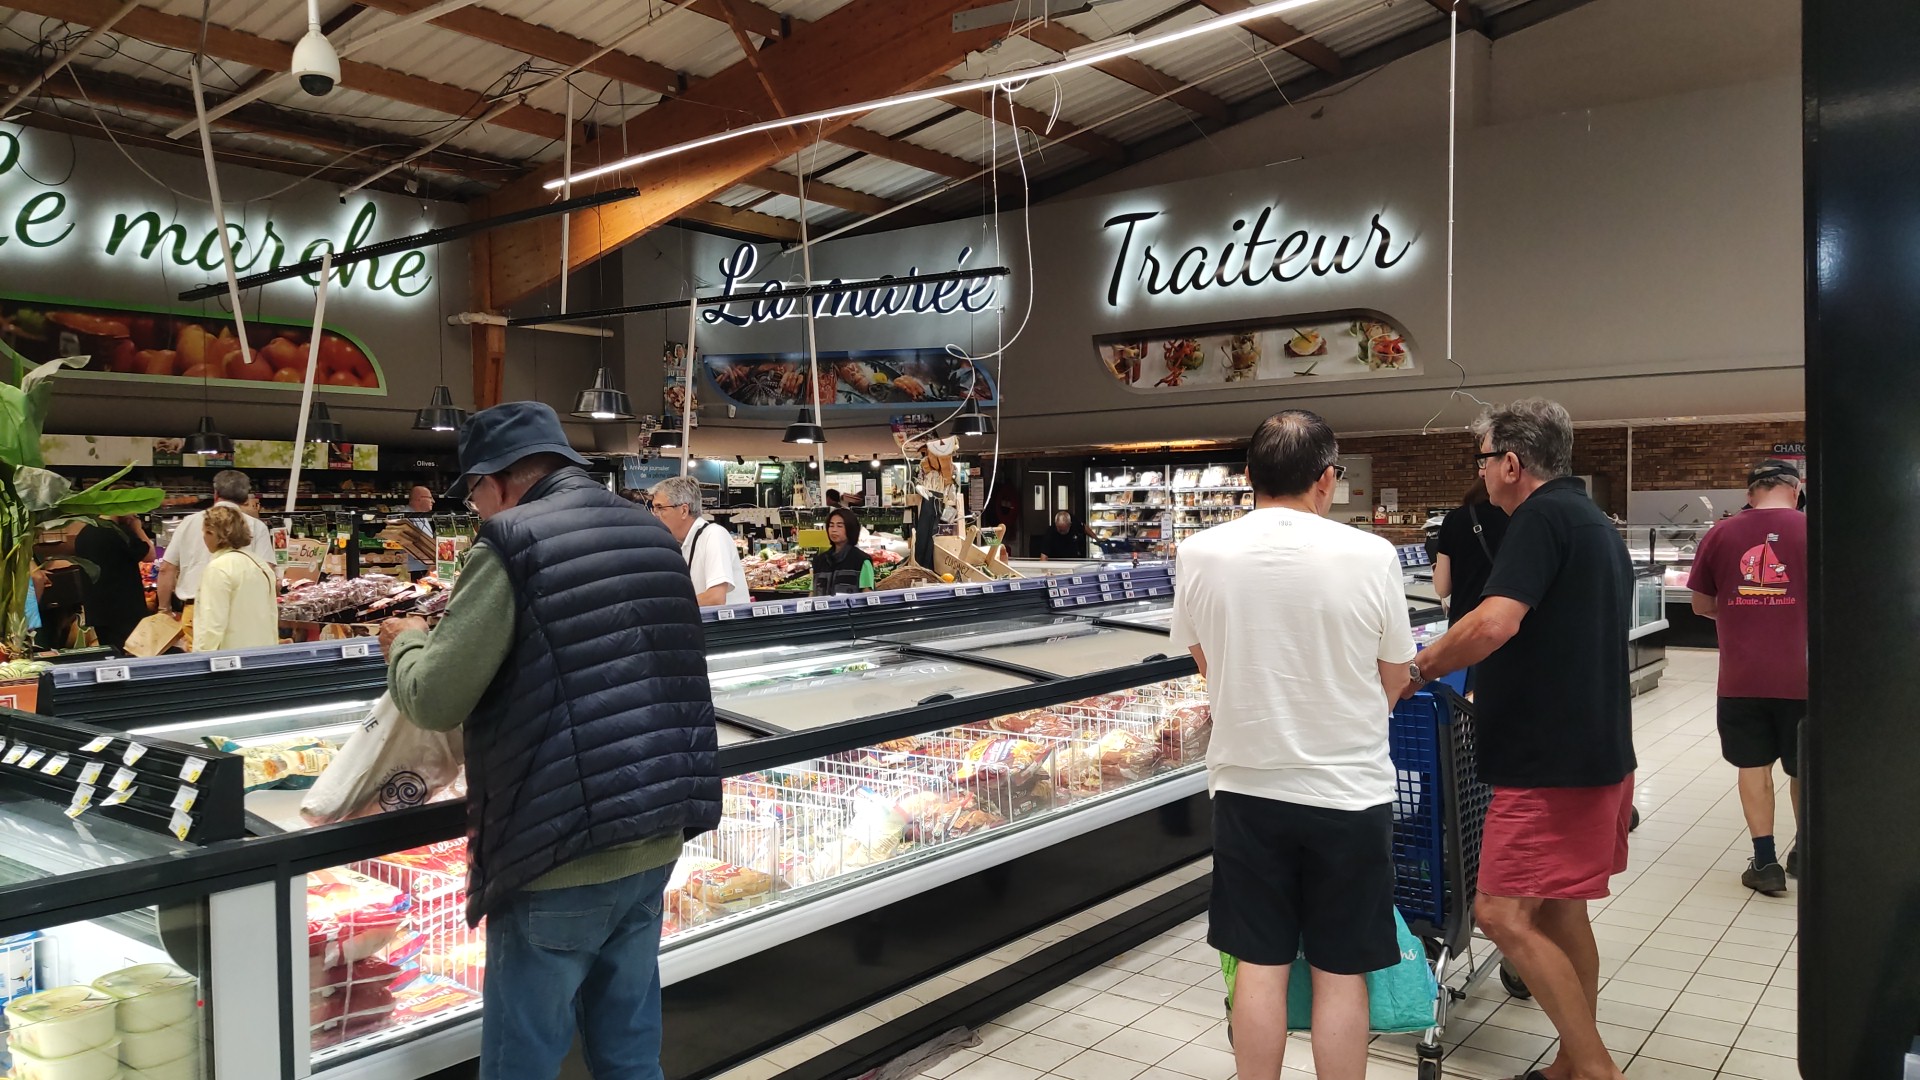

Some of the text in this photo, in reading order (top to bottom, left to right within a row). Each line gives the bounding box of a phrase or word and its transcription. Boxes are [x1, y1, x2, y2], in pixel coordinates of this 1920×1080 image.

[702, 243, 997, 327] La marée
[1104, 206, 1411, 307] Traiteur
[1735, 596, 1759, 605] Route
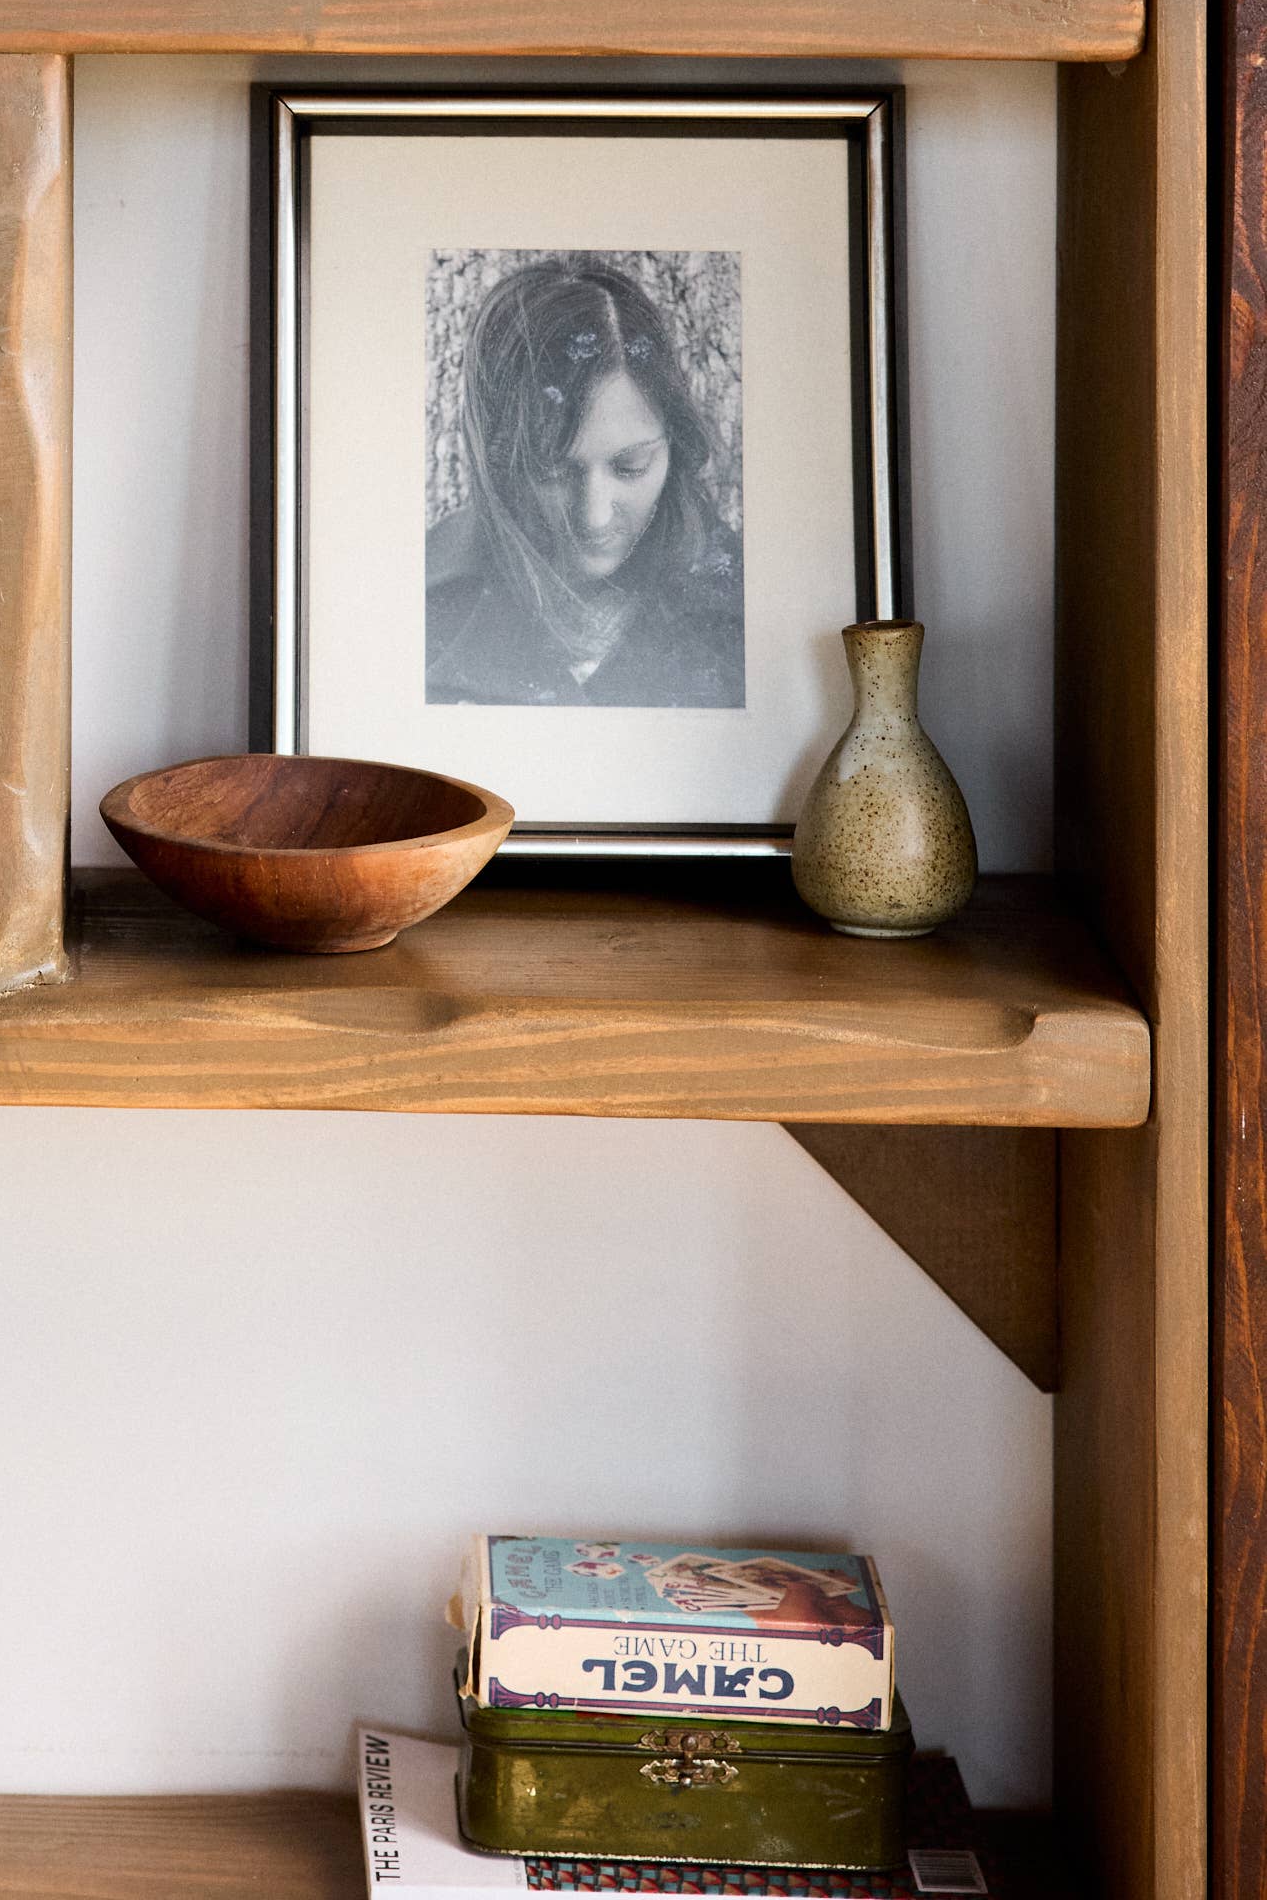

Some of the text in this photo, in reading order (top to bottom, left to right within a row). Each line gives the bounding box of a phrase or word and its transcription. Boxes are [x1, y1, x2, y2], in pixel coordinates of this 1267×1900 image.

[614, 1635, 769, 1664] THE GAME
[582, 1658, 795, 1701] CAMEL
[365, 1734, 401, 1882] THE PARIS REVIEW
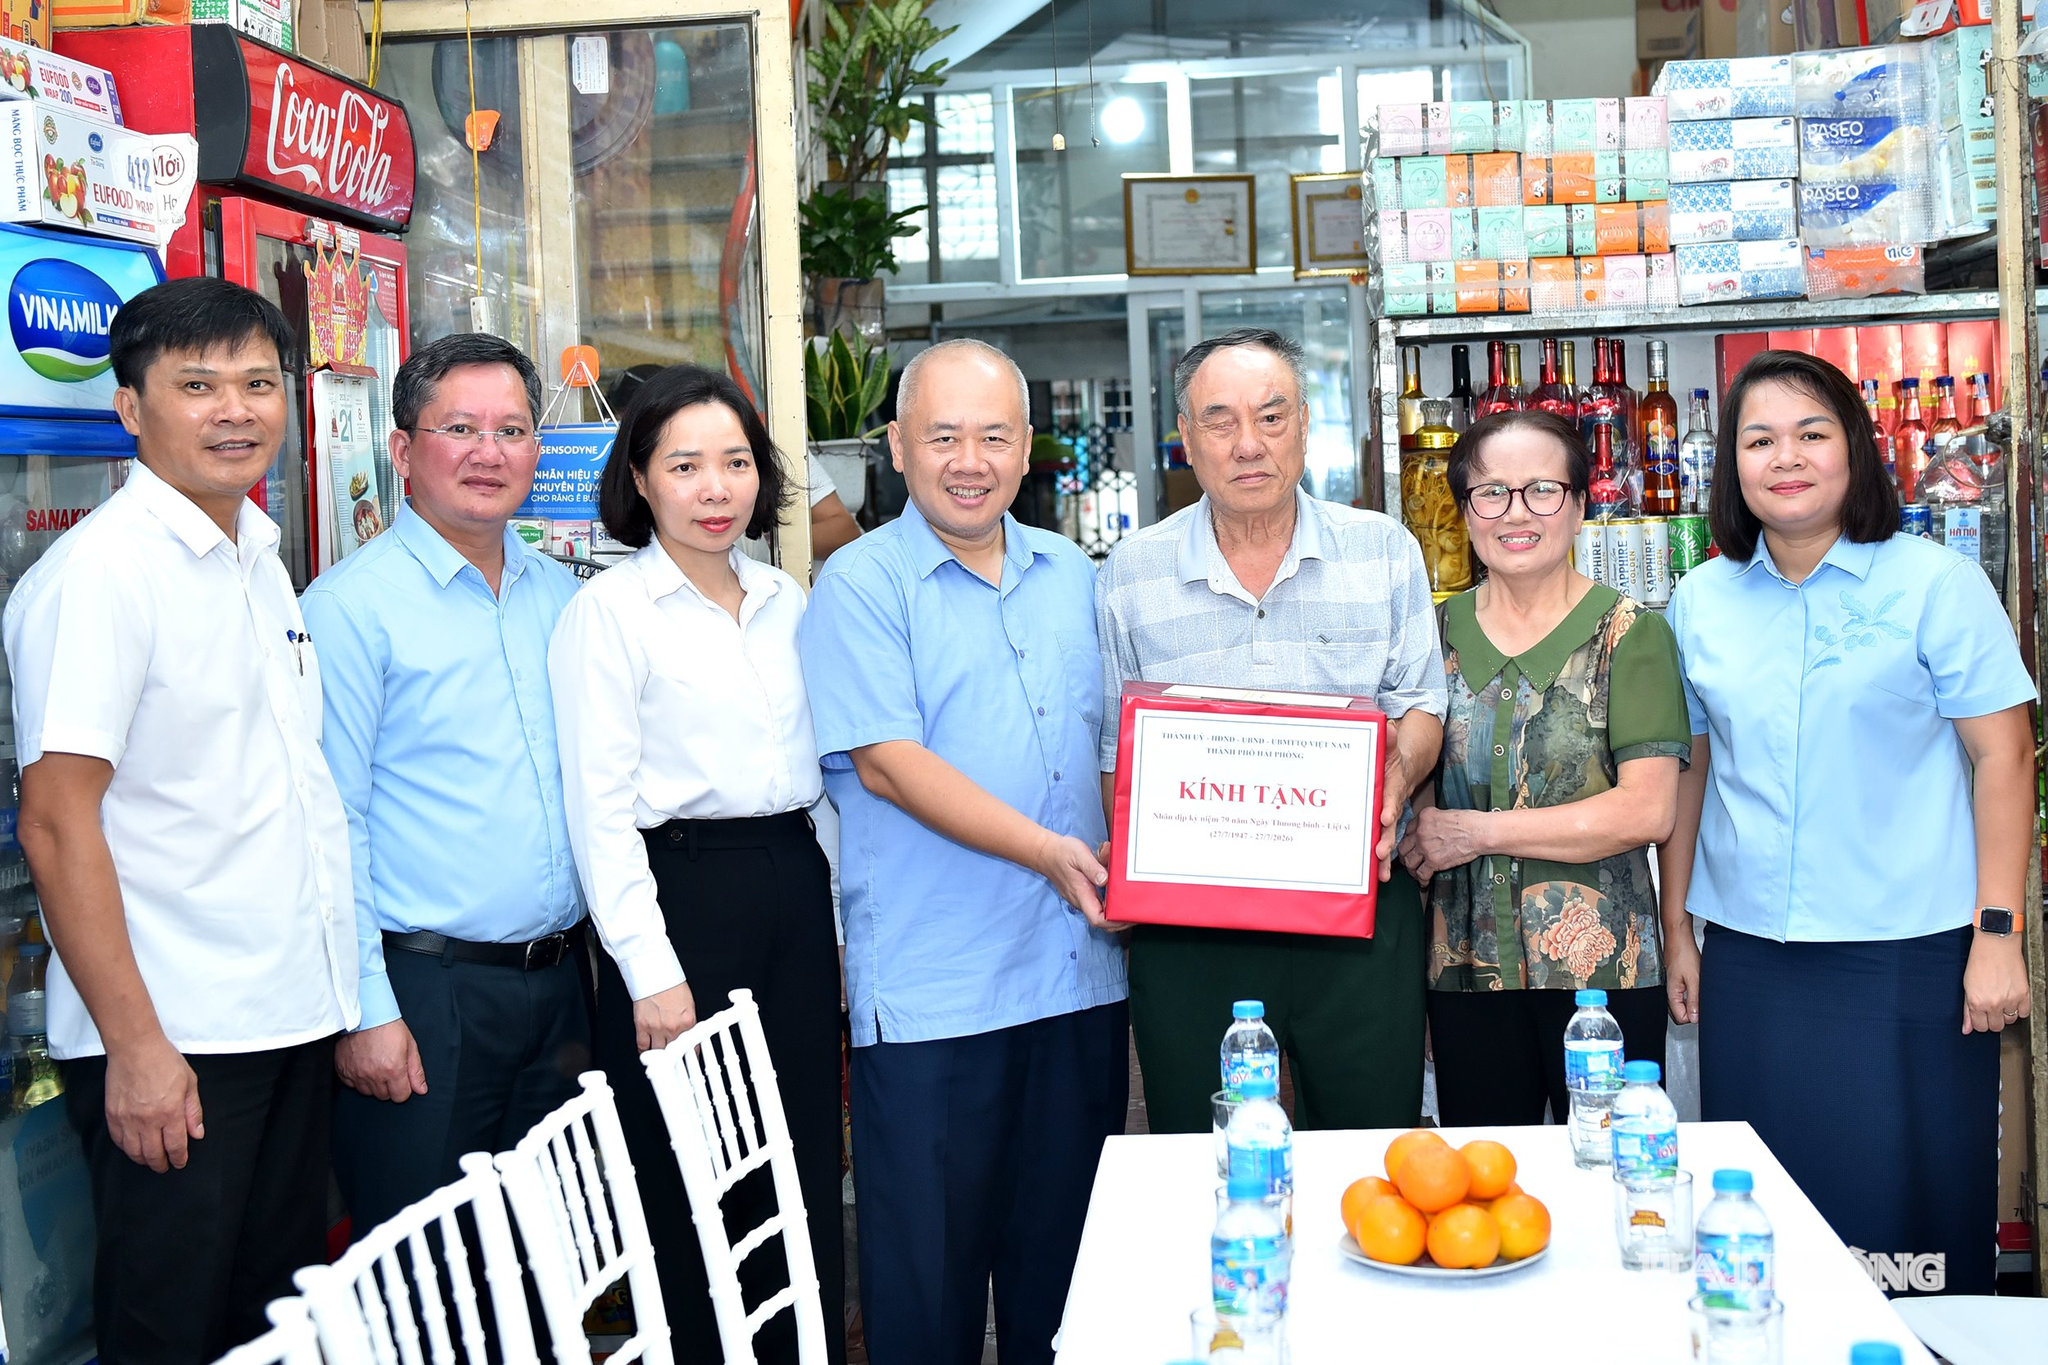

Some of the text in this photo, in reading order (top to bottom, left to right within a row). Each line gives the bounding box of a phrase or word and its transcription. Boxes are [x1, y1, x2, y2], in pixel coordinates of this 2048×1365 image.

[39, 67, 70, 89] EUFOOD
[59, 88, 73, 105] 200
[267, 62, 393, 206] Coca-Cola
[1807, 120, 1864, 140] PASEO
[127, 154, 152, 193] 412
[93, 183, 154, 215] EUFOOD WRAP
[19, 293, 119, 336] VINAMILK
[340, 409, 354, 442] 21
[541, 445, 598, 455] SENSODYNE
[533, 481, 574, 493] KHUYÊN
[534, 468, 564, 480] NHÃN
[567, 468, 591, 482] HIỆU
[531, 494, 550, 503] CHO
[551, 493, 575, 503] RĂNG
[1592, 540, 1603, 583] PPHIRE
[1618, 540, 1631, 595] SAPPHIRE
[1644, 538, 1657, 593] SAPPHIRE
[1179, 777, 1327, 810] KÍNH TẶNG

# [What you will do]
Leave out all images, then reproduce the entries above exactly.

# [Task solution]
Some of the text in this photo, in reading order (top to bottom, left to right within a row). Each line gives the bounding box of a phrase or word and its transcription. Boxes are [x1, y1, x2, y2], in pixel coordinates of this 1920×1080 image.

[702, 243, 997, 327] La marée
[1104, 206, 1411, 307] Traiteur
[1735, 596, 1759, 605] Route

Some of the text in this photo, in reading order (top to bottom, left to right within a row). Each line gives the bounding box of a phrase or word and its transcription. Boxes are [x1, y1, x2, y2], in pixel coordinates of this 1267×1900 image.

[614, 1635, 769, 1664] THE GAME
[582, 1658, 795, 1701] CAMEL
[365, 1734, 401, 1882] THE PARIS REVIEW

Some of the text in this photo, in reading order (top to bottom, left to right within a row). Each line gives the bounding box of a phrase or word and its transcription. Boxes are [x1, y1, x2, y2], in pixel coordinates of this 2048×1365 image.

[39, 67, 70, 89] EUFOOD
[59, 88, 73, 105] 200
[267, 62, 393, 206] Coca-Cola
[1807, 120, 1864, 140] PASEO
[127, 154, 152, 193] 412
[93, 183, 154, 215] EUFOOD WRAP
[19, 293, 119, 336] VINAMILK
[340, 409, 354, 442] 21
[541, 445, 598, 455] SENSODYNE
[533, 481, 574, 493] KHUYÊN
[534, 468, 564, 480] NHÃN
[567, 468, 591, 482] HIỆU
[531, 494, 550, 503] CHO
[551, 493, 575, 503] RĂNG
[1592, 540, 1603, 583] PPHIRE
[1618, 540, 1631, 595] SAPPHIRE
[1644, 538, 1657, 593] SAPPHIRE
[1179, 777, 1327, 810] KÍNH TẶNG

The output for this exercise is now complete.